Exercise instructions ▸
This exercise requires an exact output of the listing, images omitted.
[Opening Material for this exercise section]
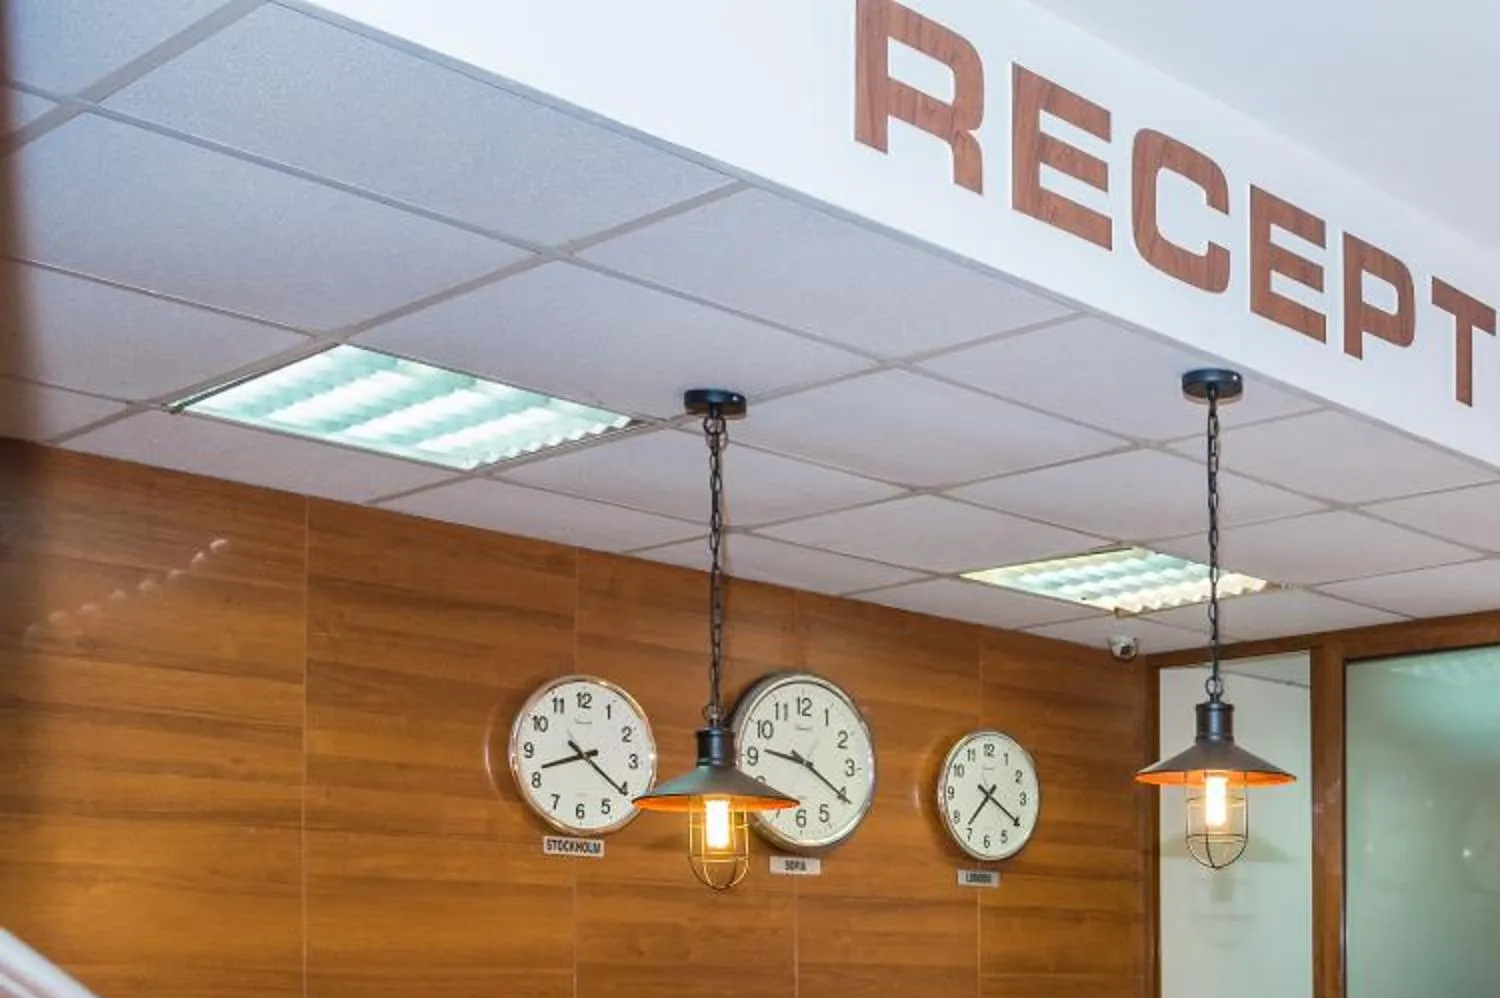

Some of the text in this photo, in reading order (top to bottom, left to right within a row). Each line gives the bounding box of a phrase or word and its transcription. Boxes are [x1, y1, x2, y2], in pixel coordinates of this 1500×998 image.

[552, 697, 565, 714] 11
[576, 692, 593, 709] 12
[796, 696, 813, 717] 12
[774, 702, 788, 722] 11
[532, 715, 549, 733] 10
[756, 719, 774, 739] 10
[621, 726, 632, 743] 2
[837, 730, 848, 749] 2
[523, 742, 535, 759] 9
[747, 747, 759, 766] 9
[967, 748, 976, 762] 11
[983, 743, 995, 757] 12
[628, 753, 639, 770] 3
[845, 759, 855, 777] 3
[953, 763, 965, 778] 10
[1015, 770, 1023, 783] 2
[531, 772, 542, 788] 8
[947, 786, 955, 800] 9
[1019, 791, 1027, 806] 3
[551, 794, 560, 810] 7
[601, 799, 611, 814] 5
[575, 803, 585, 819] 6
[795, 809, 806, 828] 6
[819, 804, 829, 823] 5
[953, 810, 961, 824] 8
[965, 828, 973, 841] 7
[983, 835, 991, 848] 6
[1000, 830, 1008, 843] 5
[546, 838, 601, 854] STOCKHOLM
[Closing Material for this exercise section]
Task result ▸
Some of the text in this photo, in reading order (top to bottom, left to right within a row). Each line gives the bounding box of a phrase or word and its transcription. Boxes are [x1, y1, x2, y2], in pixel coordinates of this 1500×998 image.

[552, 697, 565, 714] 11
[576, 692, 593, 709] 12
[796, 696, 813, 717] 12
[774, 702, 788, 722] 11
[532, 715, 549, 733] 10
[756, 719, 774, 739] 10
[621, 726, 632, 743] 2
[837, 730, 848, 749] 2
[523, 742, 535, 759] 9
[747, 747, 759, 766] 9
[967, 748, 976, 762] 11
[983, 743, 995, 757] 12
[628, 753, 639, 770] 3
[845, 759, 855, 777] 3
[953, 763, 965, 778] 10
[1015, 770, 1023, 783] 2
[531, 772, 542, 788] 8
[947, 786, 955, 800] 9
[1019, 791, 1027, 806] 3
[551, 794, 560, 810] 7
[601, 799, 611, 814] 5
[575, 803, 585, 819] 6
[795, 809, 806, 828] 6
[819, 804, 829, 823] 5
[953, 810, 961, 824] 8
[965, 828, 973, 841] 7
[983, 835, 991, 848] 6
[1000, 830, 1008, 843] 5
[546, 838, 601, 854] STOCKHOLM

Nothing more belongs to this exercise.